*WHAT TO DO*. Whatever appears in the records, retype it exactly, except for the pictures.

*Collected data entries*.
***
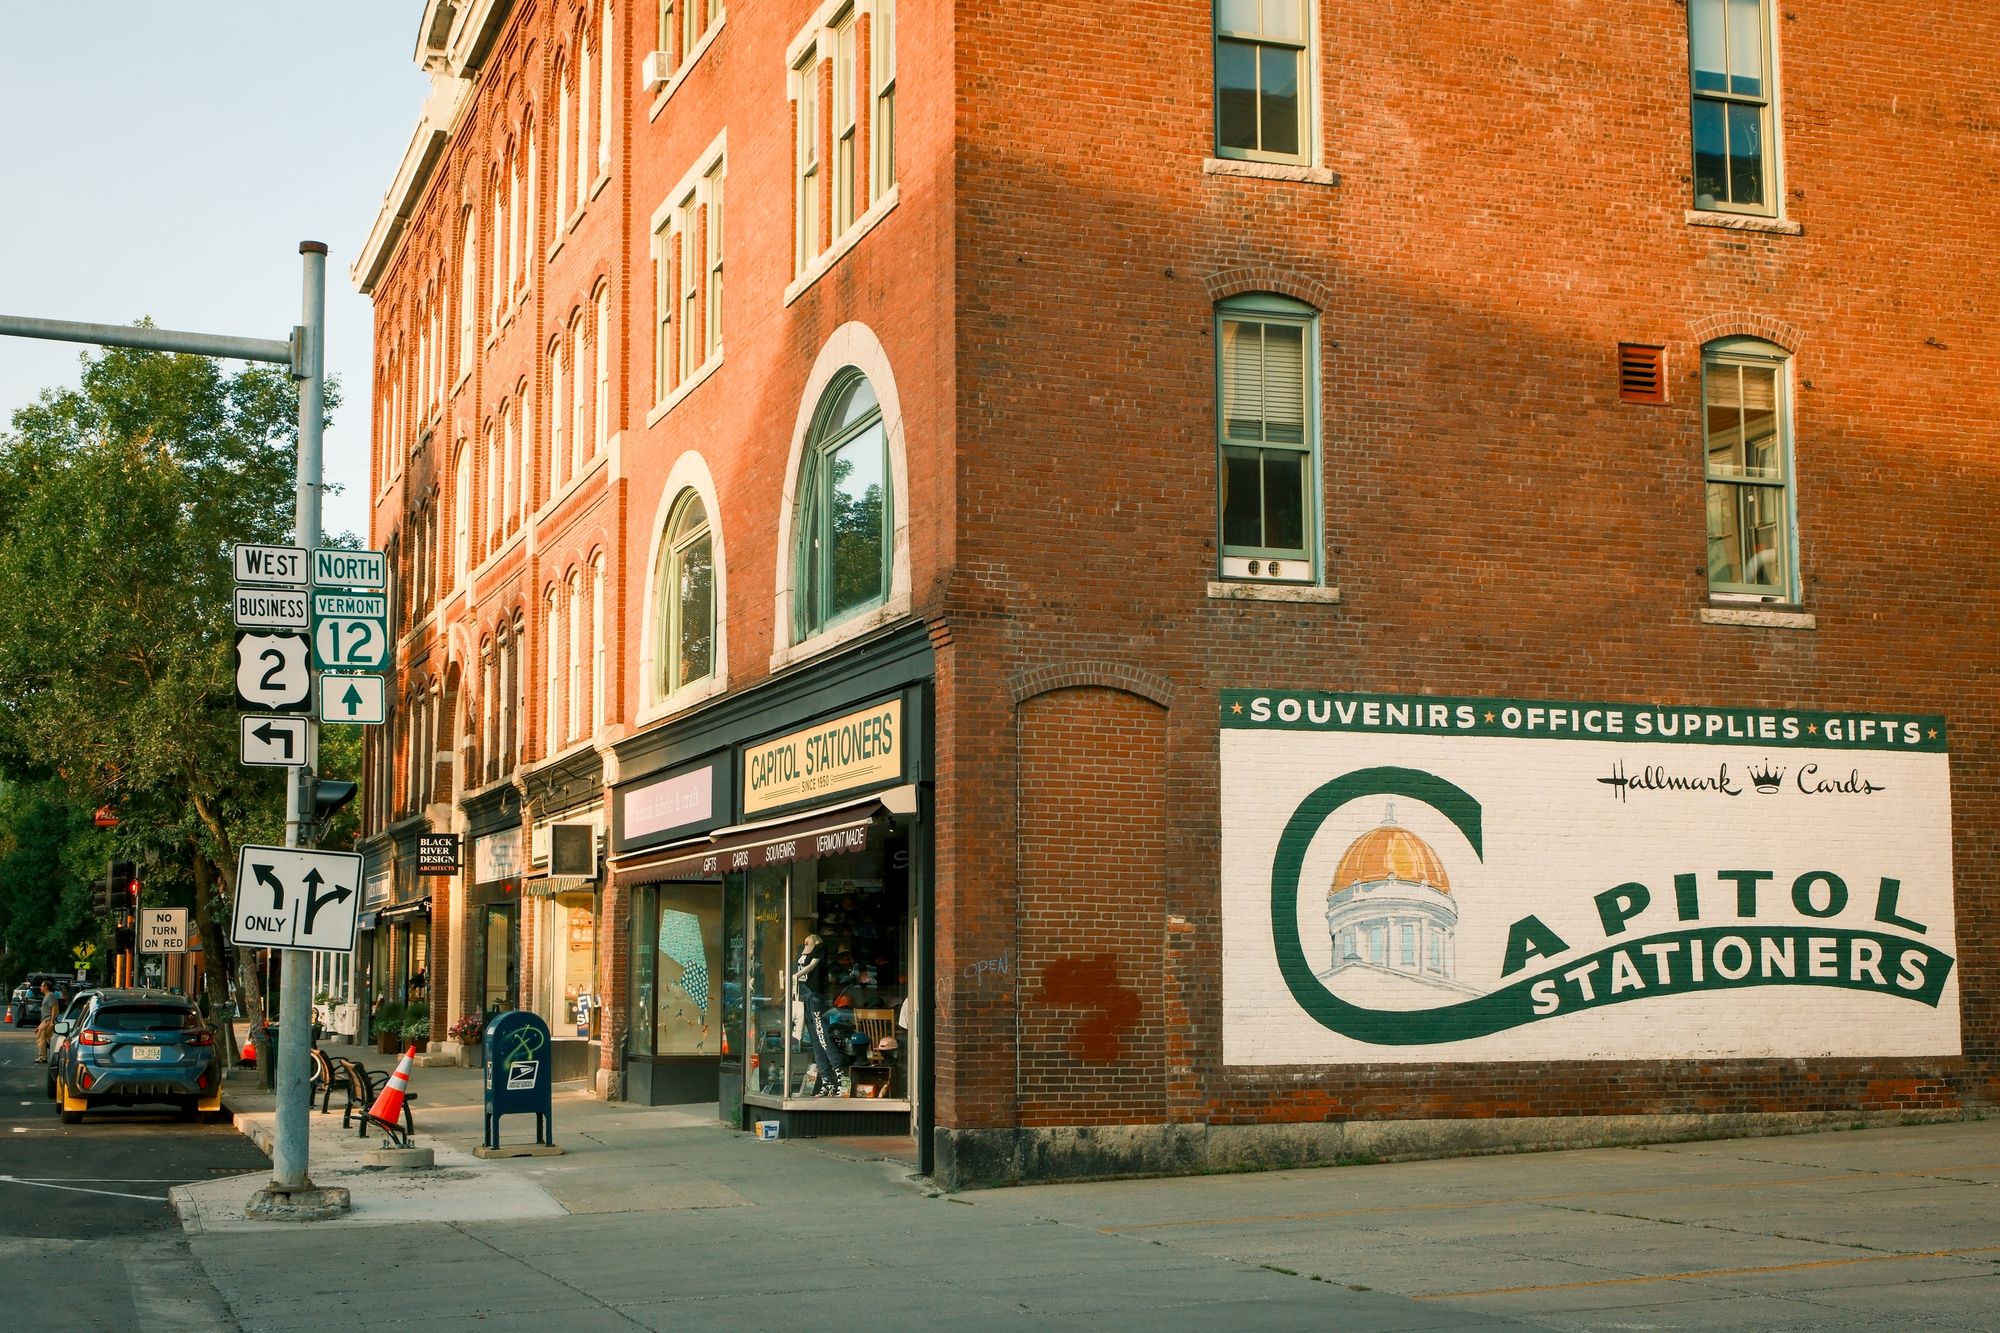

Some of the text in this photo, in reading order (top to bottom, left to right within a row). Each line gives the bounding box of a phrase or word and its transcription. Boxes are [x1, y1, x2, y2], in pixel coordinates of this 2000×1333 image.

[245, 549, 298, 576] WEST
[319, 553, 380, 580] NORTH
[240, 597, 304, 618] BUSINESS
[318, 597, 381, 614] VERMONT
[329, 621, 373, 663] 12
[259, 648, 287, 691] 2
[1250, 697, 1921, 744] SOUVENIRS OFFICE SUPPLIES GIFTS
[751, 712, 893, 791] CAPITOL STATIONERS
[801, 775, 830, 793] SINCE 1950
[1596, 758, 1886, 804] Hallmark Cards
[420, 838, 453, 846] BLACK
[420, 847, 449, 855] RIVER
[703, 827, 864, 871] GIFTS CARDS SOUVENIRS VERMONT MADE
[420, 855, 455, 863] DESIGN
[156, 913, 172, 922] NO
[245, 915, 287, 932] ONLY
[151, 926, 177, 935] TURN
[144, 938, 183, 948] ON RED
[963, 951, 1009, 986] OPEN
[1529, 935, 1929, 1015] STATIONERS
***
*RESPONSE TO THIS EXERCISE*.
Some of the text in this photo, in reading order (top to bottom, left to right within a row). Each line gives the bounding box of a phrase or word and its transcription. Boxes are [x1, y1, x2, y2], in pixel coordinates of this 2000×1333 image.

[245, 549, 298, 576] WEST
[319, 553, 380, 580] NORTH
[240, 597, 304, 618] BUSINESS
[318, 597, 381, 614] VERMONT
[329, 621, 373, 663] 12
[259, 648, 287, 691] 2
[1250, 697, 1921, 744] SOUVENIRS OFFICE SUPPLIES GIFTS
[751, 712, 893, 791] CAPITOL STATIONERS
[801, 775, 830, 793] SINCE 1950
[1596, 758, 1886, 804] Hallmark Cards
[420, 838, 453, 846] BLACK
[420, 847, 449, 855] RIVER
[703, 827, 864, 871] GIFTS CARDS SOUVENIRS VERMONT MADE
[420, 855, 455, 863] DESIGN
[156, 913, 172, 922] NO
[245, 915, 287, 932] ONLY
[151, 926, 177, 935] TURN
[144, 938, 183, 948] ON RED
[963, 951, 1009, 986] OPEN
[1529, 935, 1929, 1015] STATIONERS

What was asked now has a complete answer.